= Beginning of Section =
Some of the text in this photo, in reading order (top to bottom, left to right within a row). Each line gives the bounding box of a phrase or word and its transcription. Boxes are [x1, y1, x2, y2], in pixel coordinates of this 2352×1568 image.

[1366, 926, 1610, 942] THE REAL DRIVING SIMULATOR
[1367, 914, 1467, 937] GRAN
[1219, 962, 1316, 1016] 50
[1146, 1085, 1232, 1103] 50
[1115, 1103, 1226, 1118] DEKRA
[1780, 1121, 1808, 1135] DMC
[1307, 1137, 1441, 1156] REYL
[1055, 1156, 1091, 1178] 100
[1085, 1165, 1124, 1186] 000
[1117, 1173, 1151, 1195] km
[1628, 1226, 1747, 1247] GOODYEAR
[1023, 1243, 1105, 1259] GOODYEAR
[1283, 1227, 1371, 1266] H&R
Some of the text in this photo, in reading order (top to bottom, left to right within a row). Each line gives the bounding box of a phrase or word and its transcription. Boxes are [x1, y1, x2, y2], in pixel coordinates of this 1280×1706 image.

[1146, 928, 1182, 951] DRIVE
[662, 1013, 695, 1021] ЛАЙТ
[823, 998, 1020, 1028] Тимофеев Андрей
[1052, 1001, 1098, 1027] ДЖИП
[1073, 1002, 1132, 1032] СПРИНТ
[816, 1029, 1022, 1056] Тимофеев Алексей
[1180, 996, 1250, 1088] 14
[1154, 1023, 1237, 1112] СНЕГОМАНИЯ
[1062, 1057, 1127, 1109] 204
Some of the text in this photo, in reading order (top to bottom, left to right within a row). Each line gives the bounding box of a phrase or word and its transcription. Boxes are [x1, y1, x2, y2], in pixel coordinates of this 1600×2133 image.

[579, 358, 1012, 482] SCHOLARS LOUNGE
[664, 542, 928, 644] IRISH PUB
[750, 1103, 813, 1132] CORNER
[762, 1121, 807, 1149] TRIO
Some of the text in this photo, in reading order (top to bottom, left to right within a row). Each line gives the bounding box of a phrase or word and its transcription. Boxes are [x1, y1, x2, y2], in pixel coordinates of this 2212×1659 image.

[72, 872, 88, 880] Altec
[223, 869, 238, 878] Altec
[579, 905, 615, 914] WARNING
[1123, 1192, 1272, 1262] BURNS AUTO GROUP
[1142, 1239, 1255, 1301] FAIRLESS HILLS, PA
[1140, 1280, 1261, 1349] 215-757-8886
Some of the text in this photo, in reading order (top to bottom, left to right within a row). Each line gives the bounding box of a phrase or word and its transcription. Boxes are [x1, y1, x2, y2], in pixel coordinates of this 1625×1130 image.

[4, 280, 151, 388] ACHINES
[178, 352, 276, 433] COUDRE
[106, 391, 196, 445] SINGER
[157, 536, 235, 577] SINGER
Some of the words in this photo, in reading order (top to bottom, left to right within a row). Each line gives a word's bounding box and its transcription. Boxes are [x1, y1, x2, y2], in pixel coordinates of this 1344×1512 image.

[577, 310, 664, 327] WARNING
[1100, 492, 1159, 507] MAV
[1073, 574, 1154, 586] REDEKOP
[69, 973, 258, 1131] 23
= End of Section =
» **Your goal**:
Your answer must consist of every line above, transcribed verbatim.

» **Response to this task**:
Some of the text in this photo, in reading order (top to bottom, left to right within a row). Each line gives the bounding box of a phrase or word and its transcription. Boxes are [x1, y1, x2, y2], in pixel coordinates of this 2352×1568 image.

[1366, 926, 1610, 942] THE REAL DRIVING SIMULATOR
[1367, 914, 1467, 937] GRAN
[1219, 962, 1316, 1016] 50
[1146, 1085, 1232, 1103] 50
[1115, 1103, 1226, 1118] DEKRA
[1780, 1121, 1808, 1135] DMC
[1307, 1137, 1441, 1156] REYL
[1055, 1156, 1091, 1178] 100
[1085, 1165, 1124, 1186] 000
[1117, 1173, 1151, 1195] km
[1628, 1226, 1747, 1247] GOODYEAR
[1023, 1243, 1105, 1259] GOODYEAR
[1283, 1227, 1371, 1266] H&R
Some of the text in this photo, in reading order (top to bottom, left to right within a row). Each line gives the bounding box of a phrase or word and its transcription. Boxes are [x1, y1, x2, y2], in pixel coordinates of this 1280×1706 image.

[1146, 928, 1182, 951] DRIVE
[662, 1013, 695, 1021] ЛАЙТ
[823, 998, 1020, 1028] Тимофеев Андрей
[1052, 1001, 1098, 1027] ДЖИП
[1073, 1002, 1132, 1032] СПРИНТ
[816, 1029, 1022, 1056] Тимофеев Алексей
[1180, 996, 1250, 1088] 14
[1154, 1023, 1237, 1112] СНЕГОМАНИЯ
[1062, 1057, 1127, 1109] 204
Some of the text in this photo, in reading order (top to bottom, left to right within a row). Each line gives the bounding box of a phrase or word and its transcription. Boxes are [x1, y1, x2, y2], in pixel coordinates of this 1600×2133 image.

[579, 358, 1012, 482] SCHOLARS LOUNGE
[664, 542, 928, 644] IRISH PUB
[750, 1103, 813, 1132] CORNER
[762, 1121, 807, 1149] TRIO
Some of the text in this photo, in reading order (top to bottom, left to right within a row). Each line gives the bounding box of a phrase or word and its transcription. Boxes are [x1, y1, x2, y2], in pixel coordinates of this 2212×1659 image.

[72, 872, 88, 880] Altec
[223, 869, 238, 878] Altec
[579, 905, 615, 914] WARNING
[1123, 1192, 1272, 1262] BURNS AUTO GROUP
[1142, 1239, 1255, 1301] FAIRLESS HILLS, PA
[1140, 1280, 1261, 1349] 215-757-8886
Some of the text in this photo, in reading order (top to bottom, left to right within a row). Each line gives the bounding box of a phrase or word and its transcription. Boxes are [x1, y1, x2, y2], in pixel coordinates of this 1625×1130 image.

[4, 280, 151, 388] ACHINES
[178, 352, 276, 433] COUDRE
[106, 391, 196, 445] SINGER
[157, 536, 235, 577] SINGER
Some of the words in this photo, in reading order (top to bottom, left to right within a row). Each line gives a word's bounding box and its transcription. Boxes are [x1, y1, x2, y2], in pixel coordinates of this 1344×1512 image.

[577, 310, 664, 327] WARNING
[1100, 492, 1159, 507] MAV
[1073, 574, 1154, 586] REDEKOP
[69, 973, 258, 1131] 23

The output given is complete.